Some pundits take the view that once the test bed has done its job, other centres in China,
especially Shanghai, and indeed international centres, will supplant its pre-eminence, or for
that matter water down its role, notably Singapore in Asia and London in Europe. This will
not happen for some time to come because of the sheer weight of China’s trade conducted
with (and through) Hong Kong and its natural position as the stepping stone for Chinese
financial institutions going abroad, and of course their accompanying key personnel.
What will happen is that in selected areas of activity, new pools of expertise will be rooted in
other financial centres. Elsewhere in Asia, Taiwan and Singapore have underlying
respective strengths favouring their potential roles as hubs.

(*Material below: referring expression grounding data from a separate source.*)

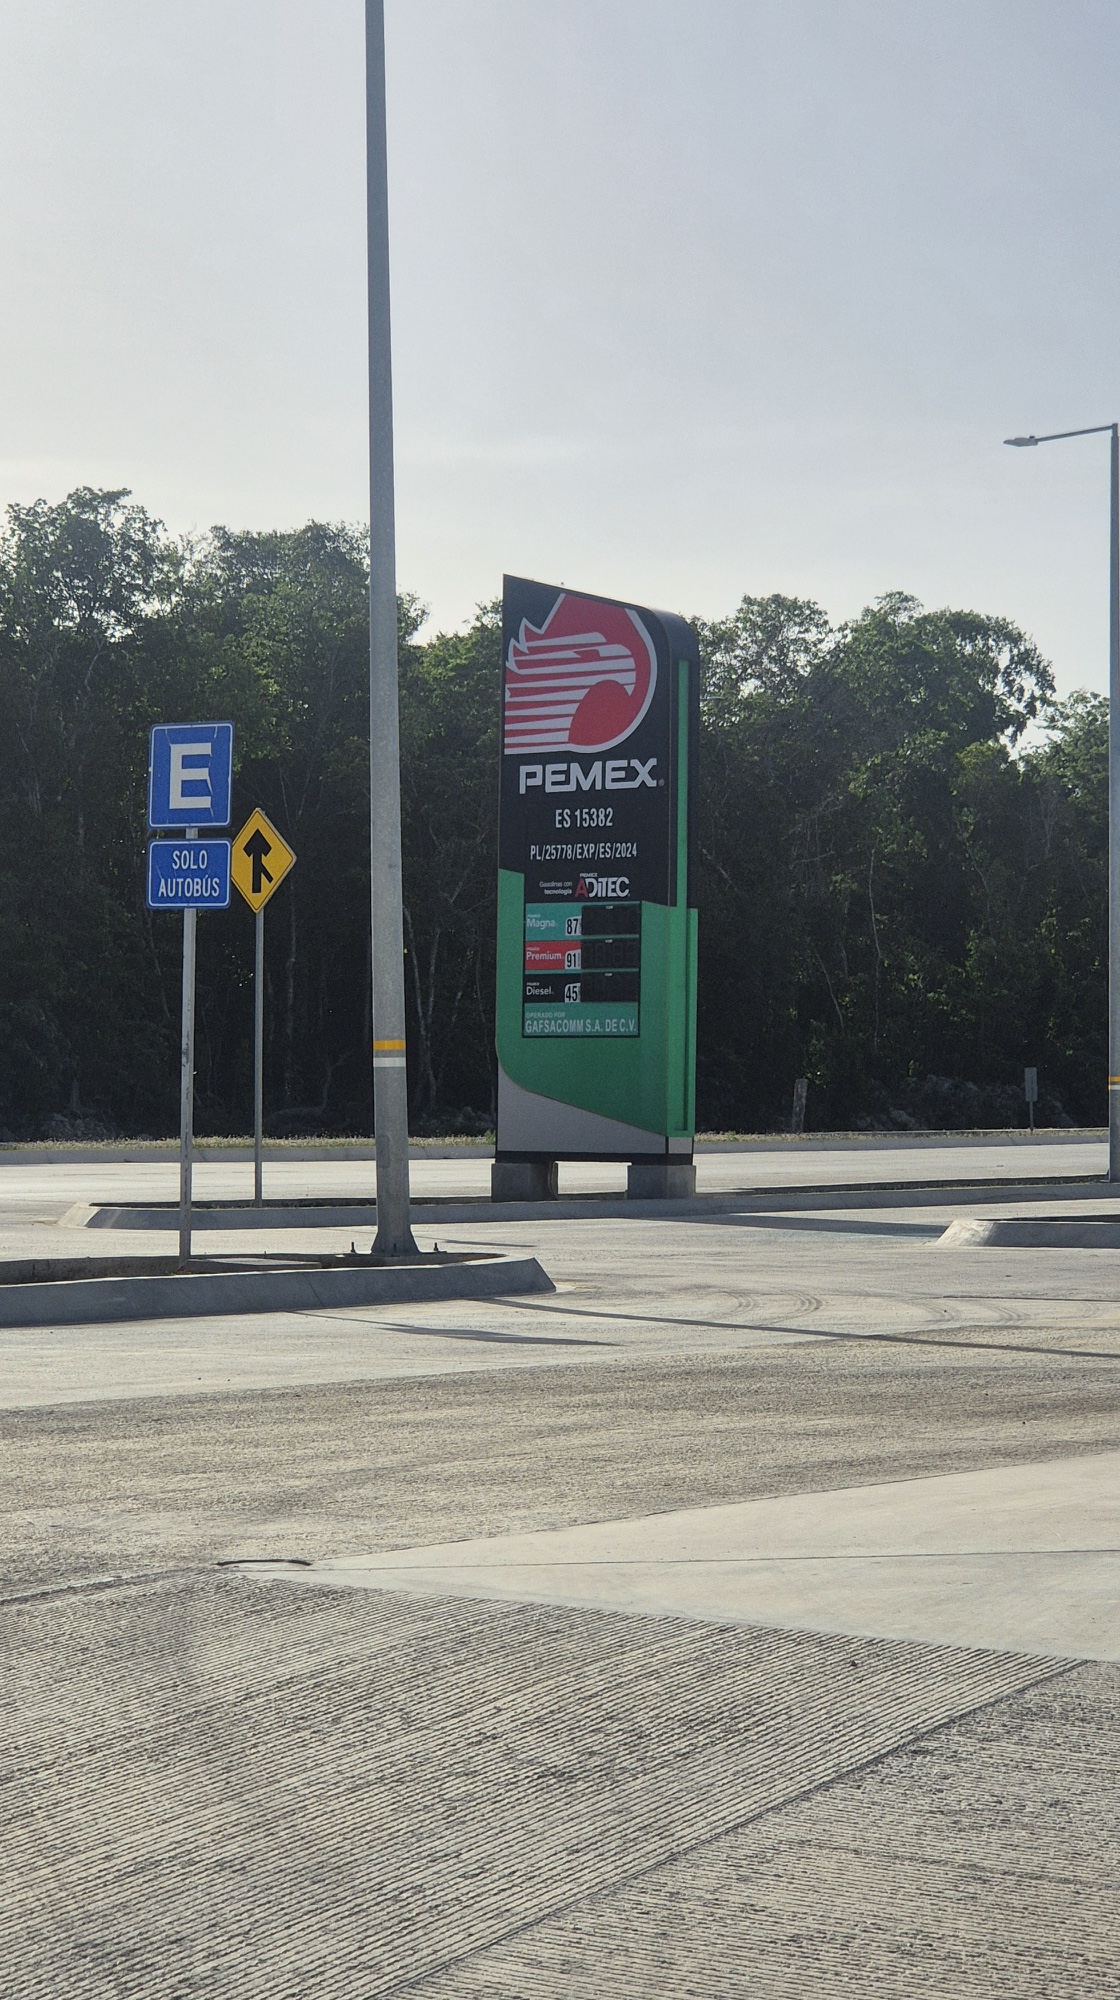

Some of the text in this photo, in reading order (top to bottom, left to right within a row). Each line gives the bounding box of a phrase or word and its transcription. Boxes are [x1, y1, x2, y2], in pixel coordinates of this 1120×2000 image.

[169, 743, 212, 809] E
[519, 758, 658, 795] PEMEX
[555, 807, 614, 828] ES 15382
[530, 842, 638, 861] PL/25778/EXP/ES/2024
[172, 850, 208, 870] SOLO
[158, 875, 220, 897] AUTOBÚS
[526, 918, 556, 930] Magna
[566, 919, 579, 935] 87
[526, 951, 562, 960] Premium
[566, 953, 577, 968] 91
[526, 986, 552, 995] Diesel
[565, 986, 578, 1002] 45
[525, 1019, 637, 1033] GAFSACOMM S.A. DE C.V.

There is no veiled disguise in London’s quest to lead the charge in Europe, if not globally in
selected areas. The moves are well-orchestrated, contrary to the usual self-deprecating
style, spurred by the confidence that came from winning the Olympics city race for 2012.
And does it matter if UK banks and financial institutions are now a far cry from where they
once led? Not really and it is based on the “Wimbledon Strategy” – provide the best venue,
facilities, services and thrive from running the courts without having national champions (until
Andy Murray came along to trump Roger Federer). The City of London has brand presence
and along with it the depth in offshore institutional markets in global fixed income, forex,
derivatives and a plethora of areas in financial services. And accidents happen too. It should
not be forgotten that US Tax equalisation created the largest offshore bond market in London
and Glass-Steagall, before it was repealed, brought the biggest pool of talent into the
derivative markets in London, originally in currency and interest rate swaps, to create the
perfect ecosystem to serve global markets.
What about the mastery of “Roger Federer”? Apart from the obvious strength in private
wealth management, risk management and insurance, Switzerland has global clout in trading
commodities, out of Geneva and Zug, as well as an industrial and logistics base second to
none for a country with a population of eight million, a shade over Greater London’s size.